Your goal ▸ Copy every line from the one containing "this 1920×1080 image." through the last line of the records below, both included, and nothing else.

Items from a data source ▸
BEGIN

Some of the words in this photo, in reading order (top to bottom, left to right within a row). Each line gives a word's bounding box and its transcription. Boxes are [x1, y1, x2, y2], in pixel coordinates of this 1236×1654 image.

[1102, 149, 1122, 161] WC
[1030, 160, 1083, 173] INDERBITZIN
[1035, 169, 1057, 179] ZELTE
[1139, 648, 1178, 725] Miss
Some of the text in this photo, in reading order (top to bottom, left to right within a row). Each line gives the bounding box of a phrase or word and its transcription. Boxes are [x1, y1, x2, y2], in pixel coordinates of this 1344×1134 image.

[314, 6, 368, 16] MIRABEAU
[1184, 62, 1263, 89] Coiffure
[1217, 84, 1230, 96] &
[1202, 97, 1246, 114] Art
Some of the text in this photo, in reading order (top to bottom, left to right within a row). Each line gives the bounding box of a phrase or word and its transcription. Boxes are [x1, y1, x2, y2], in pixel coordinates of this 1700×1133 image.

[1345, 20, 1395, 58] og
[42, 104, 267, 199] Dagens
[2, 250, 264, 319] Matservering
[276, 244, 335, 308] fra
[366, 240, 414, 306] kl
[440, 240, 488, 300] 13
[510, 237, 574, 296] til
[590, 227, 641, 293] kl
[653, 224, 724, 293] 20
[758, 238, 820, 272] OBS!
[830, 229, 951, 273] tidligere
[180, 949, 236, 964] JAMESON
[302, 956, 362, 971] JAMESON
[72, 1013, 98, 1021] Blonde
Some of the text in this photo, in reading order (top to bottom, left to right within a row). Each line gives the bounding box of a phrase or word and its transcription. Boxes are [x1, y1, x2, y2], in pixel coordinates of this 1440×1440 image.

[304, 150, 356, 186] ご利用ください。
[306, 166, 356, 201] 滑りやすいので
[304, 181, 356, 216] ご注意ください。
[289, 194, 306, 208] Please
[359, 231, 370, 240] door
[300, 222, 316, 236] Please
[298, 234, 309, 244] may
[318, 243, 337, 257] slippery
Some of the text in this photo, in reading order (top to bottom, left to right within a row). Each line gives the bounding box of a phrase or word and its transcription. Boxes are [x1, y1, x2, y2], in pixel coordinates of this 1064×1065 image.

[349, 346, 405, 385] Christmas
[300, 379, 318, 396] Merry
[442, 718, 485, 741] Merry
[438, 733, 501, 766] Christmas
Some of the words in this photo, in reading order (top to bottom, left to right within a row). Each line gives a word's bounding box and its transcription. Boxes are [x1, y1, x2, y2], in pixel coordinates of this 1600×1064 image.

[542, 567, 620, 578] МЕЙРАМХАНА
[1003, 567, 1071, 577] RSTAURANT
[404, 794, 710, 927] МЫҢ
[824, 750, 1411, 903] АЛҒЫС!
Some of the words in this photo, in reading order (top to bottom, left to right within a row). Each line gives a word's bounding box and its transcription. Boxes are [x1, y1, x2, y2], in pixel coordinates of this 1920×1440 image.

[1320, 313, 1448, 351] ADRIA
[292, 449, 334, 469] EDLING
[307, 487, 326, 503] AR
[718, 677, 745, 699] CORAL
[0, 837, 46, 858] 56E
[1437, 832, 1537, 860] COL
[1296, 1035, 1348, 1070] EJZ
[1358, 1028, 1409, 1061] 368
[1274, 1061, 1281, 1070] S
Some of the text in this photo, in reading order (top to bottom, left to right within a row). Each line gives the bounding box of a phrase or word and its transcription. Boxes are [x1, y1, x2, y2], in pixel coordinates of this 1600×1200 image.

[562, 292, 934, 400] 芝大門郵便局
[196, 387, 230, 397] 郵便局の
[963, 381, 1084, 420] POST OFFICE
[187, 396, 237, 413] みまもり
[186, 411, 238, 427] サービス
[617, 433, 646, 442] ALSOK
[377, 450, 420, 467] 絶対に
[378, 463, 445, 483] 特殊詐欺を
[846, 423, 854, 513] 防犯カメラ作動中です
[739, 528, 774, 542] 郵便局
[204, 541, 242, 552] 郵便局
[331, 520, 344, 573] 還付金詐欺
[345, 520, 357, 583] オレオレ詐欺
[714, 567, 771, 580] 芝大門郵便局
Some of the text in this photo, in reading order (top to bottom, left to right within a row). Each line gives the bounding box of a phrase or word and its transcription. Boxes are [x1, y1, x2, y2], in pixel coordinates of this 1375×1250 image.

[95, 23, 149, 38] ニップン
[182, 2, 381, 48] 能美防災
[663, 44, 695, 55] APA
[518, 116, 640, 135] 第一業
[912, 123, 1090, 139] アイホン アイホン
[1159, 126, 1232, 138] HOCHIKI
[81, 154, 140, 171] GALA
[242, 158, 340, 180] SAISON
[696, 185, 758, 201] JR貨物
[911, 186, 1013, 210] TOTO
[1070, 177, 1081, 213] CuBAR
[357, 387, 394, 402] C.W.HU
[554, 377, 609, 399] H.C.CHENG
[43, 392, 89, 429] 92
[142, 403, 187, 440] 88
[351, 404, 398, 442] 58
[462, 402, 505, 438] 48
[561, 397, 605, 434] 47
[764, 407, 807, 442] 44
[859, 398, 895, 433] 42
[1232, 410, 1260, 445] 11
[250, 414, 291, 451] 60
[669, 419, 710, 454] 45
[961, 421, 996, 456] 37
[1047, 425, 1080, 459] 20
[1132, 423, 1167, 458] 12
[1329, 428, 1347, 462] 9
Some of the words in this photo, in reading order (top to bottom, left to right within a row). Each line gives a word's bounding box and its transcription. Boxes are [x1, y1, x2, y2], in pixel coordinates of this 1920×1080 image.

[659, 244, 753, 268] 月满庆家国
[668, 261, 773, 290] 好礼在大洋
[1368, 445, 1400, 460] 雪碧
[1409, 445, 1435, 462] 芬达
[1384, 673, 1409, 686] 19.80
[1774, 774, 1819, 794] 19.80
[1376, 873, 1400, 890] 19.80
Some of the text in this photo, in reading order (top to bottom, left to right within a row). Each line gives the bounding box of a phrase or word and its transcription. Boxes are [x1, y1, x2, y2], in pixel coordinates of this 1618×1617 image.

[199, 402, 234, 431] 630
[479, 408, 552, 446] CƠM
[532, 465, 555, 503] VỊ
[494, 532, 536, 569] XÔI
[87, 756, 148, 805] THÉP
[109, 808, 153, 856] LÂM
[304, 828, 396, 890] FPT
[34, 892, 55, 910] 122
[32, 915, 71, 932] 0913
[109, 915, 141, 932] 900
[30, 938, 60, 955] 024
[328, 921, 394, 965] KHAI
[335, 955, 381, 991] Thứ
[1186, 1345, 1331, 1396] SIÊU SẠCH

END

Solution for this task ▸
Some of the words in this photo, in reading order (top to bottom, left to right within a row). Each line gives a word's bounding box and its transcription. Boxes are [x1, y1, x2, y2], in pixel coordinates of this 1920×1080 image.

[659, 244, 753, 268] 月满庆家国
[668, 261, 773, 290] 好礼在大洋
[1368, 445, 1400, 460] 雪碧
[1409, 445, 1435, 462] 芬达
[1384, 673, 1409, 686] 19.80
[1774, 774, 1819, 794] 19.80
[1376, 873, 1400, 890] 19.80
Some of the text in this photo, in reading order (top to bottom, left to right within a row). Each line gives the bounding box of a phrase or word and its transcription. Boxes are [x1, y1, x2, y2], in pixel coordinates of this 1618×1617 image.

[199, 402, 234, 431] 630
[479, 408, 552, 446] CƠM
[532, 465, 555, 503] VỊ
[494, 532, 536, 569] XÔI
[87, 756, 148, 805] THÉP
[109, 808, 153, 856] LÂM
[304, 828, 396, 890] FPT
[34, 892, 55, 910] 122
[32, 915, 71, 932] 0913
[109, 915, 141, 932] 900
[30, 938, 60, 955] 024
[328, 921, 394, 965] KHAI
[335, 955, 381, 991] Thứ
[1186, 1345, 1331, 1396] SIÊU SẠCH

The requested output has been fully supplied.